Recht & Geschlecht in der Forschung zur Fluchtmigration

Wie lässt sich das Buch nun wissenschaftlich einordnen? Wofür steht es und was lässt sich damit machen? Auf der letzten Tagung des interdisziplinären Netzwerk Fluchtforschung habe ich an einem großartigen Round Table zu Flucht und Geschlecht (Beyond the Fe/Male Bias?) diskutiert. Ich saß als Rechtsforscherin am Tisch und mein Plädoyer war auch tatsächlich: Wir brauchen mehr Recht. Damit meine ich nicht ein unhinterfragtes Übernehmen normativer Kategorien. Ich denke an eine ausdifferenzierte, kritische und auch empirische Auseinandersetzung mit der Eigenlogik des Rechts; als Praxis, als Form und als Ordnungsprinzip von Geschlecht und Fluchtmigration.

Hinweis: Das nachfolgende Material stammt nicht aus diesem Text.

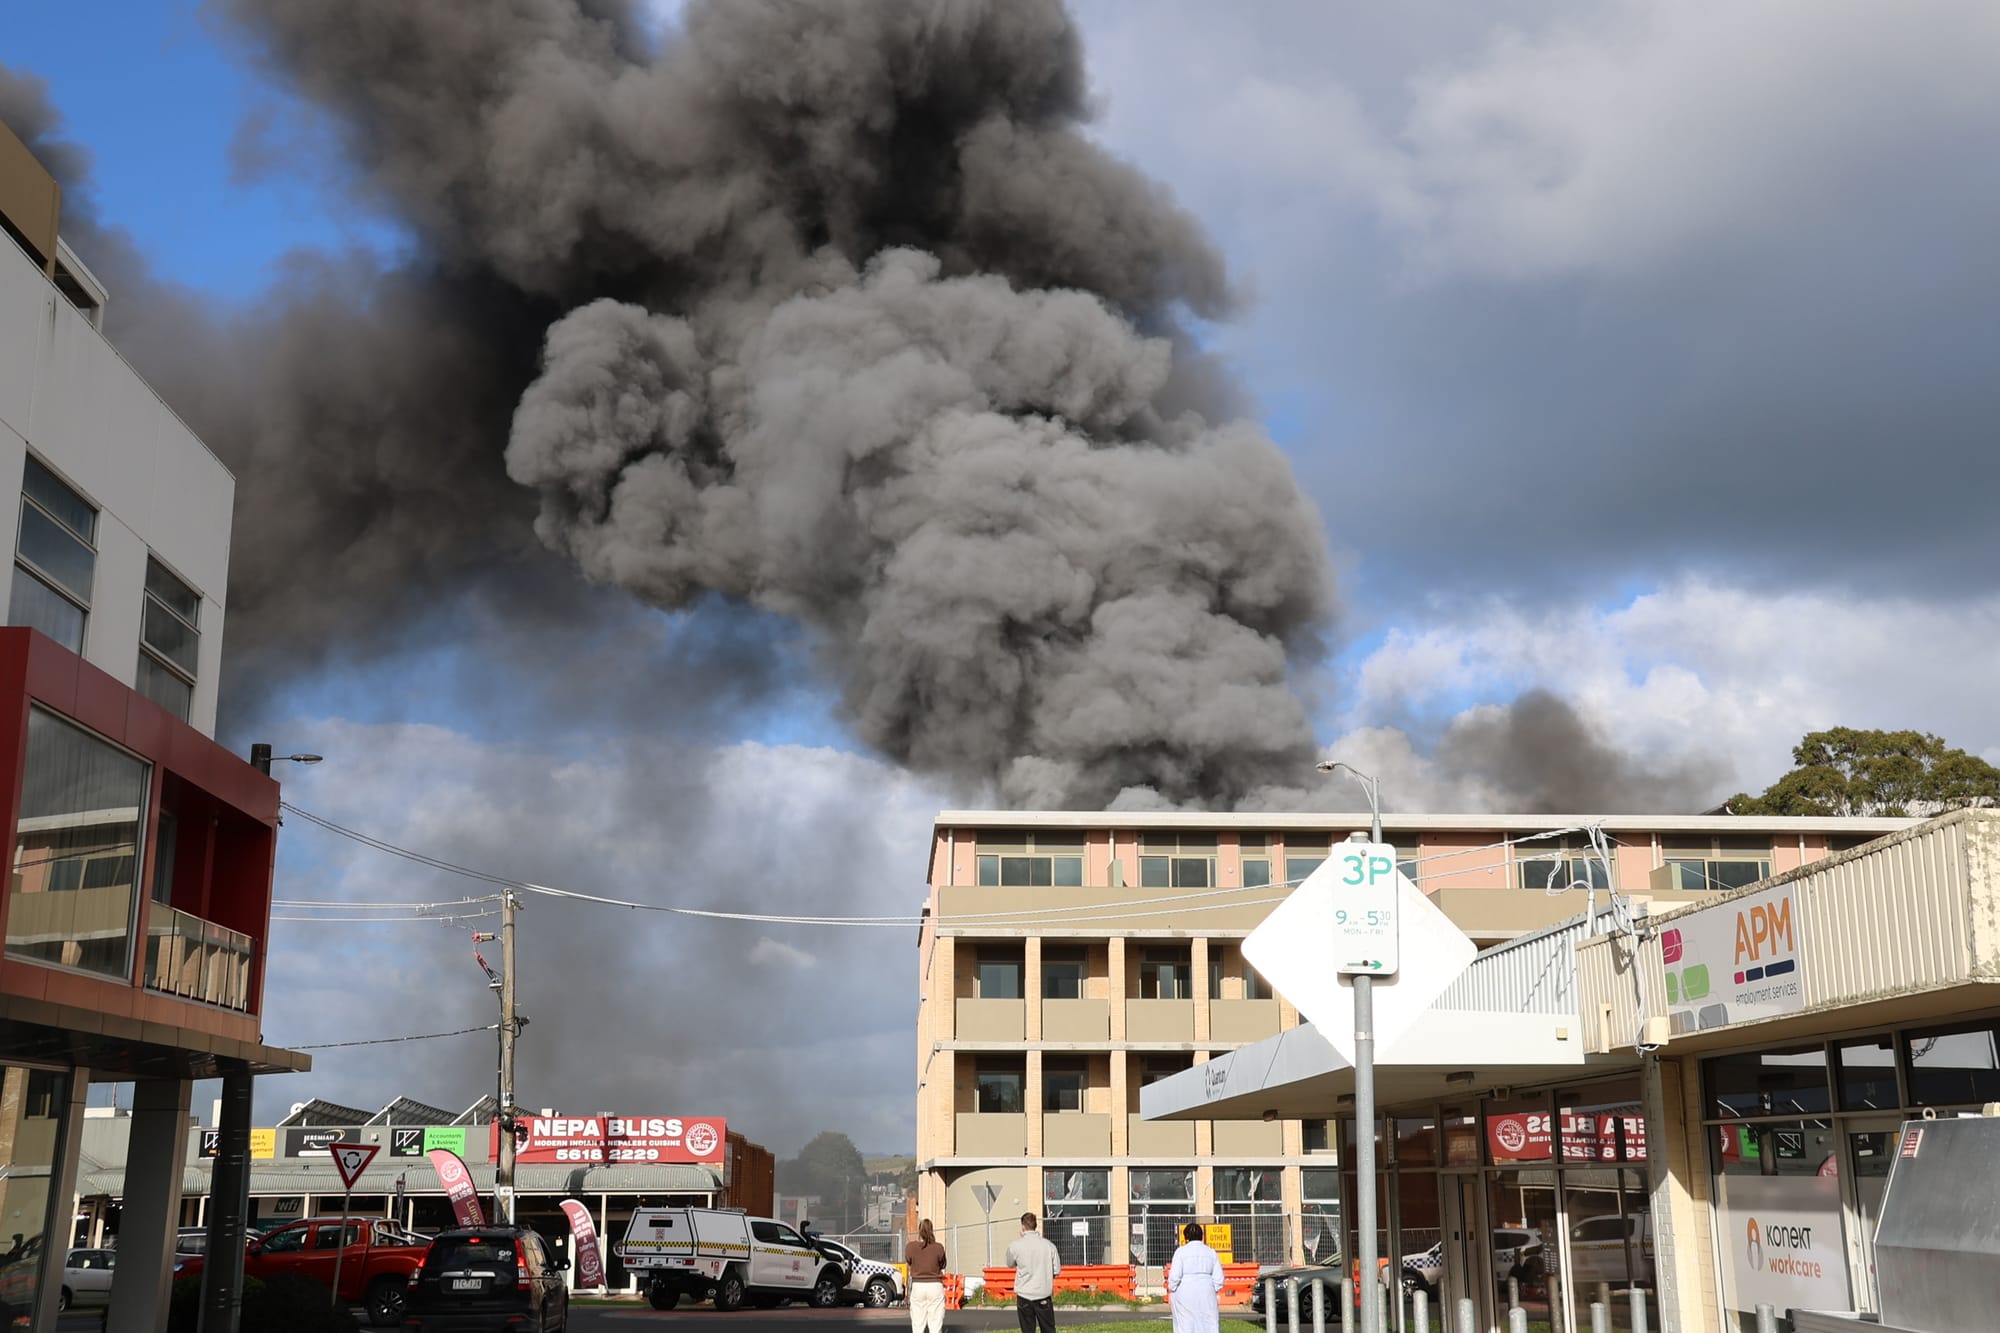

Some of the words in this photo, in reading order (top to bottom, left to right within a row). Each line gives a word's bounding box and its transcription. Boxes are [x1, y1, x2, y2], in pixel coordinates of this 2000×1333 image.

Ein solcher Anspruch lässt sich über unterschiedliche Wege verfolgen. Zwei davon habe ich für meine Arbeit gewählt: Mit meiner Dissertation, dem Buch Flucht-Geschlecht-Sexualität, habe ich eine menschenrechtsbasierte Perspektive auf Aufnahme und Asylstatus von LGBTIQ-Geflüchteten vorgeschlagen. Das Ziel der Arbeit ist ein normatives. Es geht um ein effektiveres Schutzsystem und das arbeite ich aus Erkenntnissen der (Legal) Gender Studies heraus. Hier an der HU Berlin, in der DFG-Forschungsgruppe Recht-Geschlecht-Kollektivität, arbeite ich im Augenblick an empirischen Folge- und Vertiefungsfragen. Was waren die Möglichkeitsbedingungen einer Anerkennung von Geschlecht im Asylrecht? Was ist das spezifisch Rechtliche, wenn Menschen vor Gericht um Bedeutungen ringen und was können wir aus dem Anerkennungsprozess für das Zusammenspiel von Recht und Gesellschaft lernen? Diesen – diskurstheoretisch verankerten – Fragen gehe ich im aktuellen Projekt unter dem Arbeitstitel ‚Verhandeln‘ nach.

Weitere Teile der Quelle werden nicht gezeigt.